Punjab-Haryana High Court

M/S Kalamkari Designs Ltd vs The Presiding Officer on 22 March, 2012

Author: Rajiv Narain Raina

Bench: Rajiv Narain Raina

CWP No. 5332 of 2012                                                     1

IN THE HIGH COURT FOR THE STATES OF PUNJAB AND HARYANA AT
                    CHANDIGARH



                                 DATE OF DECISION : 22.3.2012

M/s Kalamkari Designs Ltd.

                                                     ...Petitioner


                   Versus

The Presiding Officer, Industrial Tribunal-cum-Labour Court-II and another

                                                     ...Respondents


CORAM:             HON'BLE MR.JUSTICE RAJIV NARAIN RAINA


PRESENT:           Mr.J.S.Bedi, Advocate for the petitioner


                          ....

Notes:             1.Whether to be referred to the reporters or not?

                   2.Whether the judgment should be reported in the Digest?


                          ....

RAJIV NARAIN RAINA, J.

This petition filed by the Management under Articles 226 and 227 of the Constitution is directed against the impugned award dated 14.12.2011 (Annexure P-1) passed by the Presiding Officer, Industrial Tribunal-cum- Labour Court-II, Gurgaon directing reinstatement of the workman with continuity of service and 50% back-wages at the rate last drawn.

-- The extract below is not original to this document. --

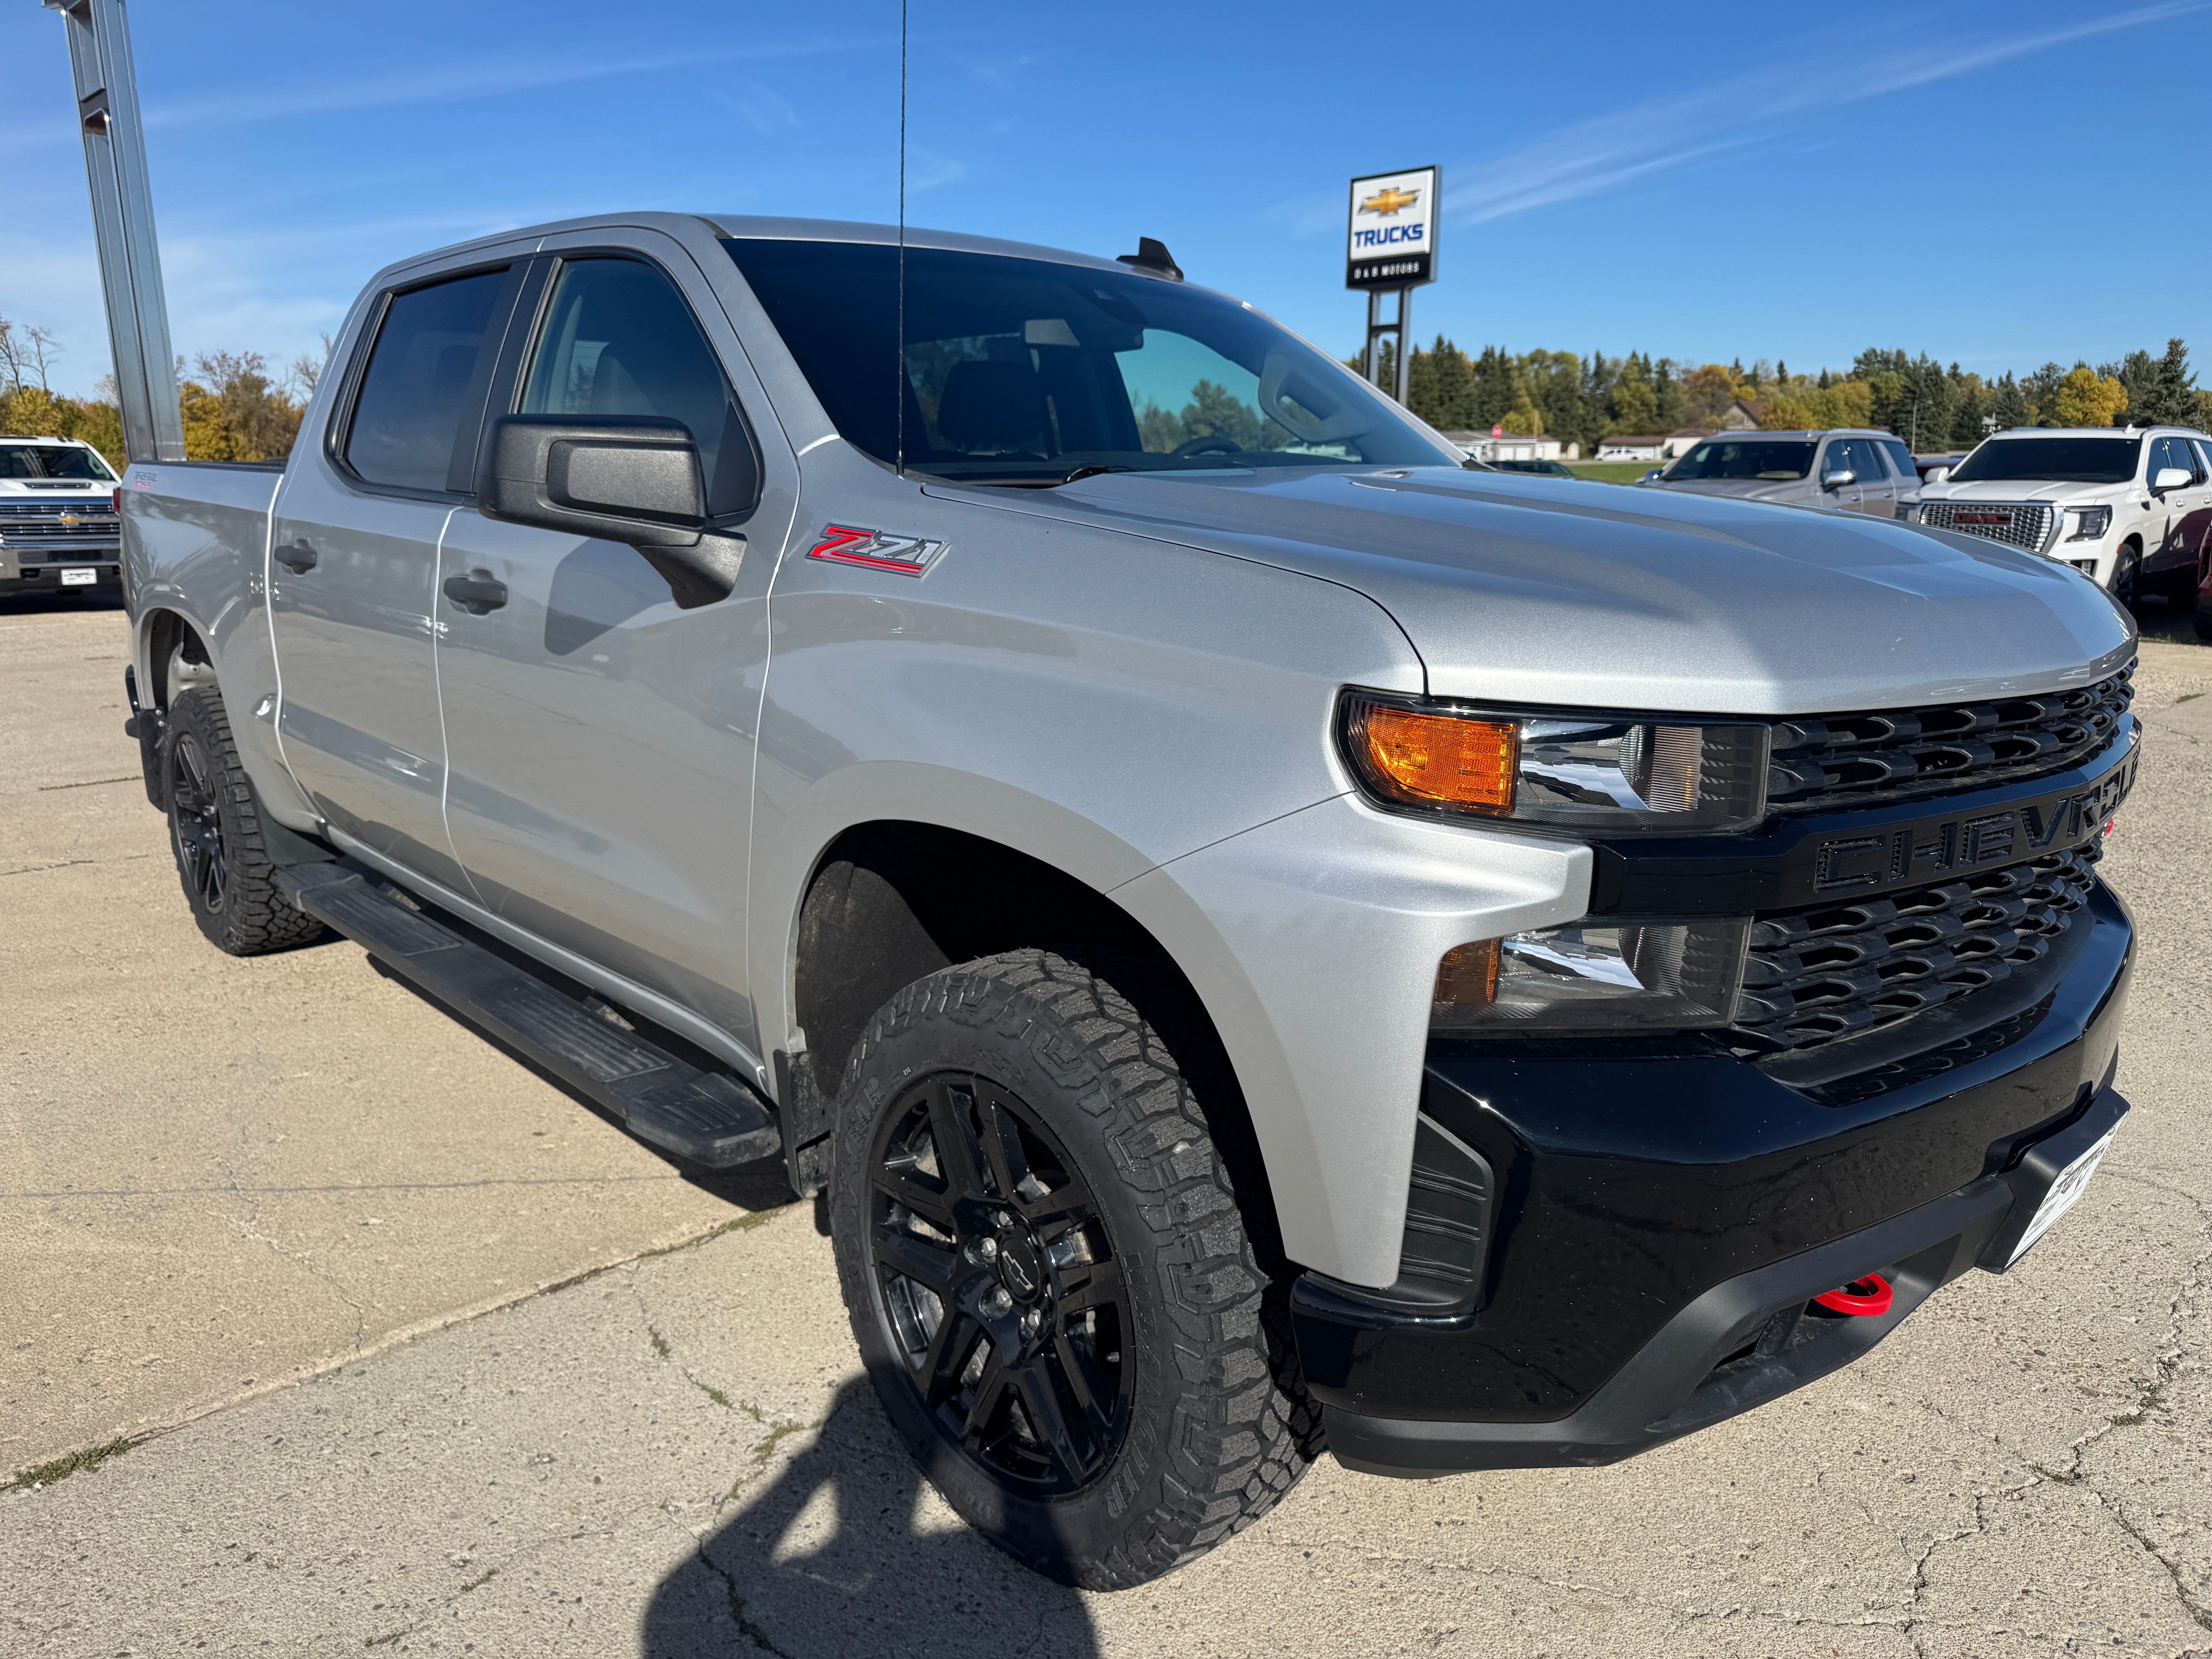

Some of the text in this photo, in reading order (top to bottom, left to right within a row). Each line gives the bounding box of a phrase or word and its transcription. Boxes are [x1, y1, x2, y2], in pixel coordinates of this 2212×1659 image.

The undisputed facts are that the workman was appointed as an Executive Secretary on 20.4.1998 on a salary of Rs.12,000/- which included basic pay Rs.8000+HRA Rs.2000 and conveyance allowance Rs.2000/-. He was a confirmed employee after probation. It is the case of the workman CWP No. 5332 of 2012 2 that though he was called Executive Secretary, he was not a member of the managerial staff nor were there any managerial or administrative functions entrusted to him. The nature of duties performed were of purely clerical nature. When he was not given his annual increment, he made a written request for grant of it on 20.10.2000 after putting in 2 ½ years of service. He pleads that for this reason the Management became allergic to him and terminated his services on 27.10.2000.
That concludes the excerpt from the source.